RECORDS FOR THE EXERCISE.
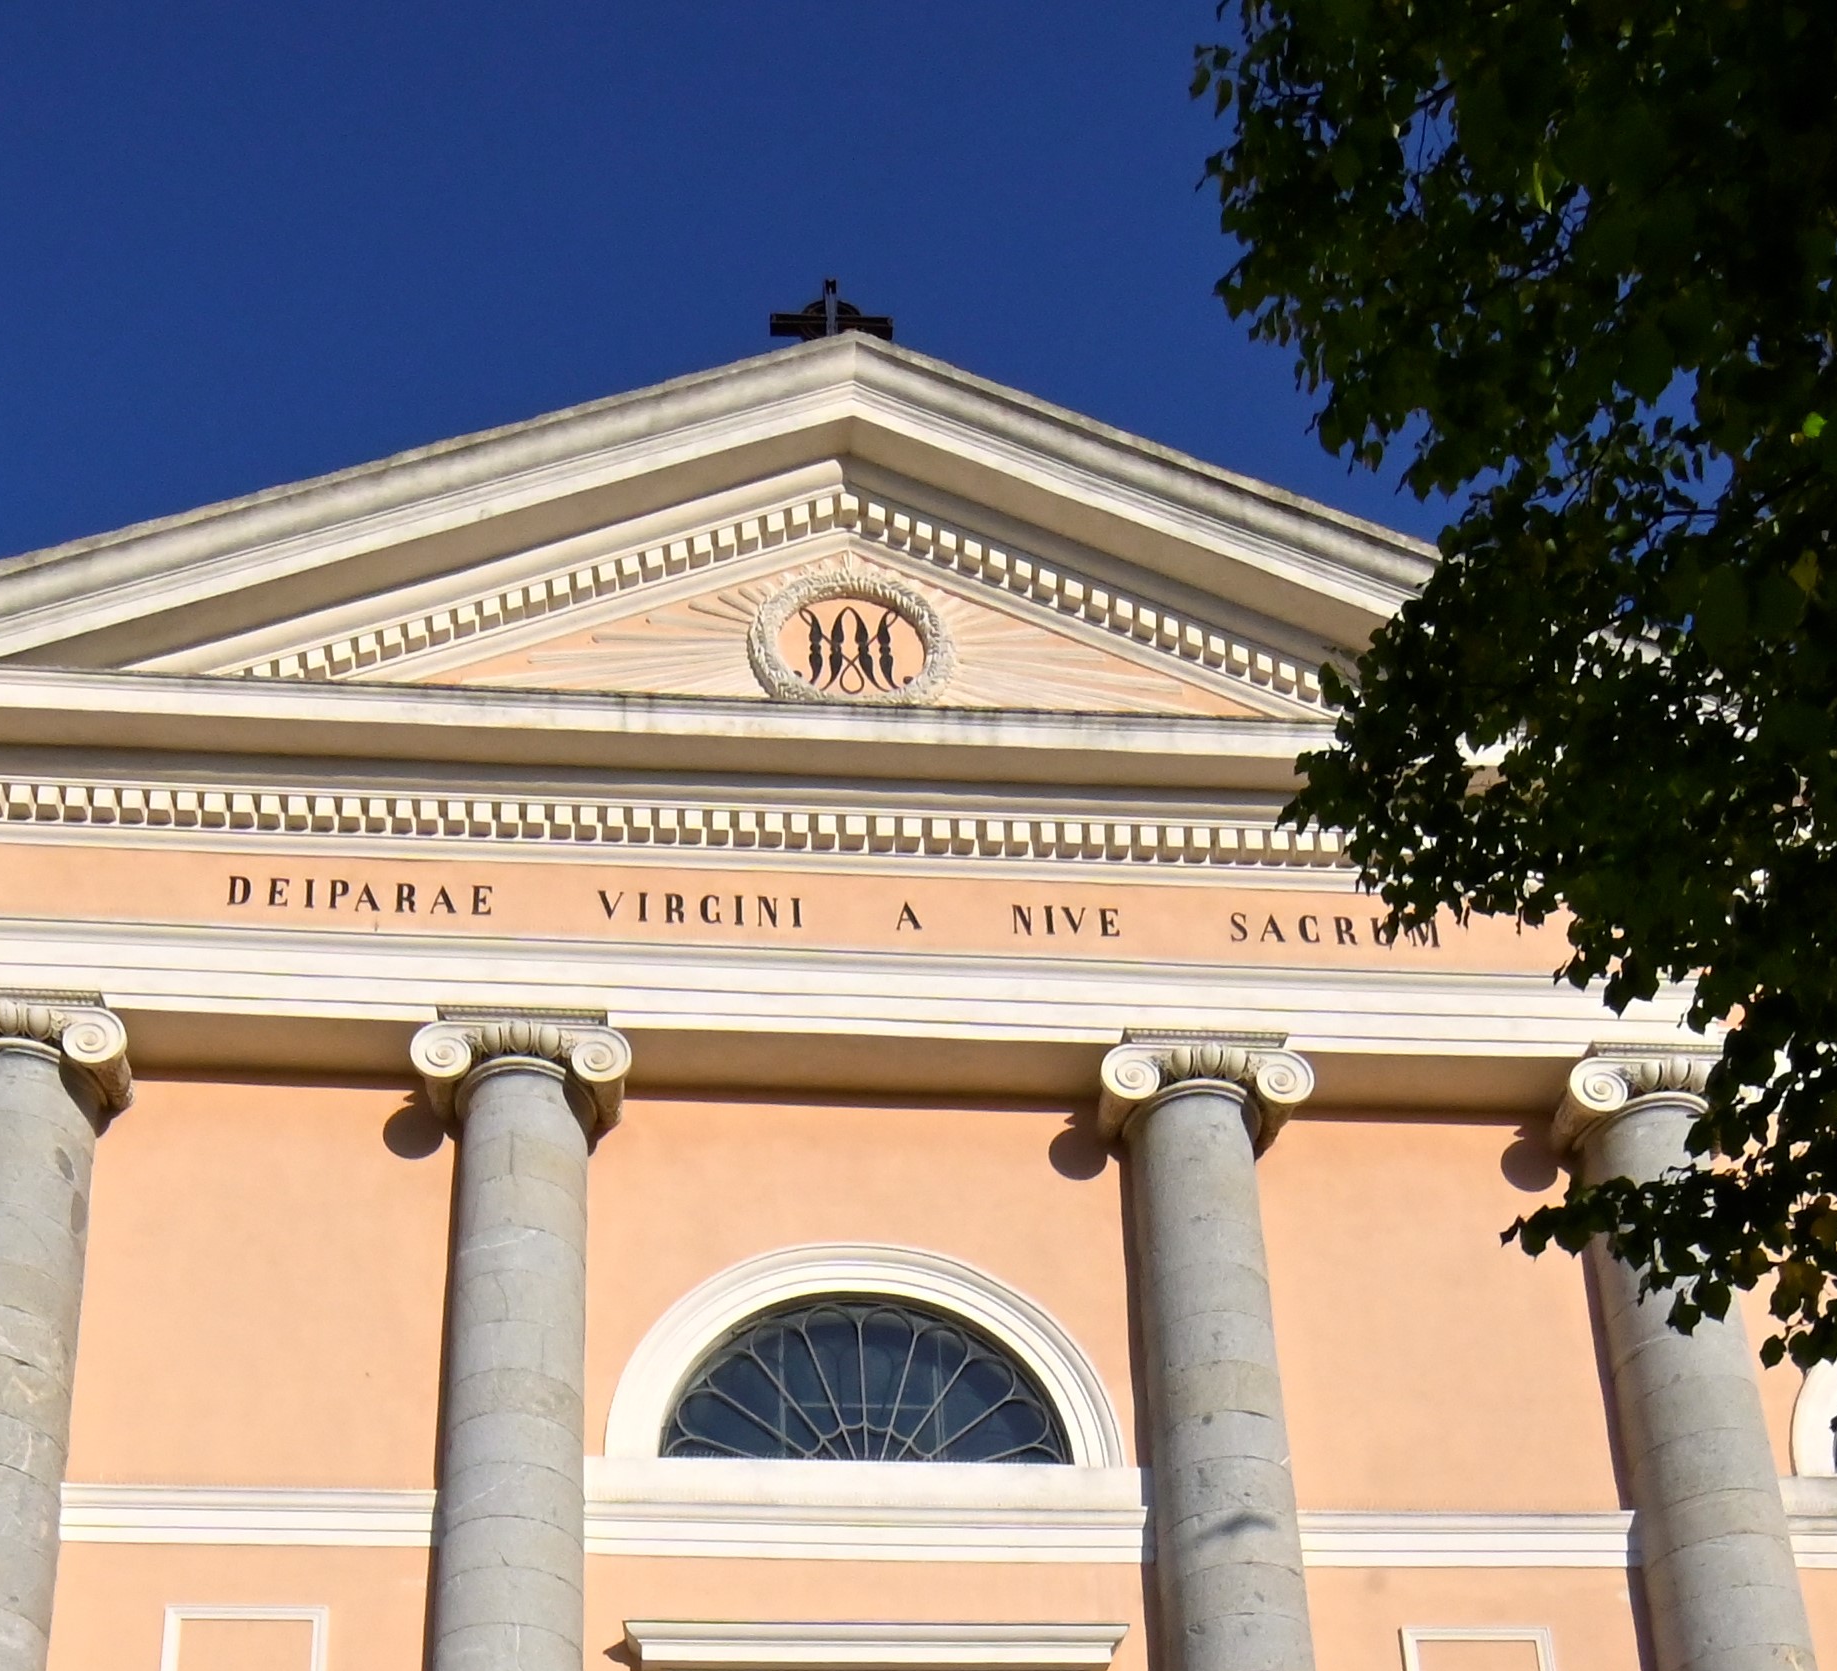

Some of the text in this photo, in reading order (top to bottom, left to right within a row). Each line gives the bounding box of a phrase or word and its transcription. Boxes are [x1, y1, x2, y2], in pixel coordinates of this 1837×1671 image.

[226, 874, 495, 916] DEIPARAE
[597, 889, 803, 929] VIRGINI
[895, 901, 923, 932] A
[1011, 903, 1121, 938] NIVE

WHAT TO PRODUCE. Repeat the whole listing above word for word. Leave out the pictures.

SOLUTION TO THIS PROBLEM.
Some of the text in this photo, in reading order (top to bottom, left to right within a row). Each line gives the bounding box of a phrase or word and its transcription. Boxes are [x1, y1, x2, y2], in pixel coordinates of this 1837×1671 image.

[226, 874, 495, 916] DEIPARAE
[597, 889, 803, 929] VIRGINI
[895, 901, 923, 932] A
[1011, 903, 1121, 938] NIVE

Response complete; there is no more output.